══ DATA SECTION
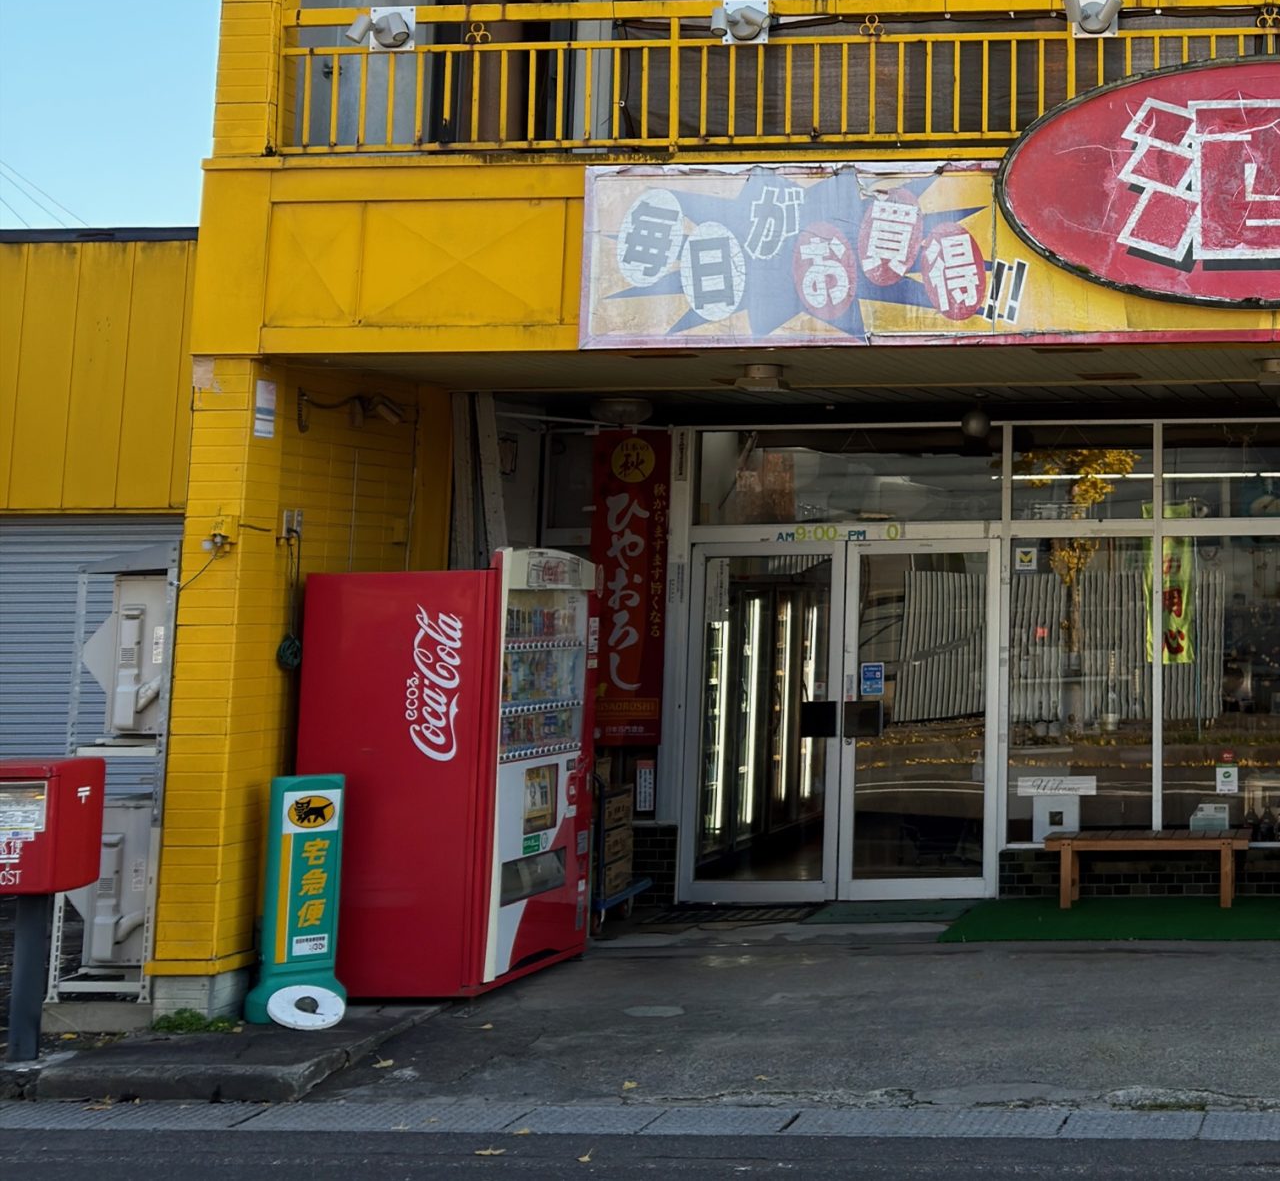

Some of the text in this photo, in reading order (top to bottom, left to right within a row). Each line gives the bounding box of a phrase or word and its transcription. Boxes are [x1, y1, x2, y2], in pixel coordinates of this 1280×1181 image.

[619, 452, 646, 478] 秋
[605, 492, 650, 691] ひやおろし
[410, 603, 463, 762] Coca-Cola
[298, 838, 330, 928] 宅急便
════
= INSTRUCTIONS TO FOLLOW =
Output the records above character for character, but leave each image out.

= RESPONSE AREA =
Some of the text in this photo, in reading order (top to bottom, left to right within a row). Each line gives the bounding box of a phrase or word and its transcription. Boxes are [x1, y1, x2, y2], in pixel coordinates of this 1280×1181 image.

[619, 452, 646, 478] 秋
[605, 492, 650, 691] ひやおろし
[410, 603, 463, 762] Coca-Cola
[298, 838, 330, 928] 宅急便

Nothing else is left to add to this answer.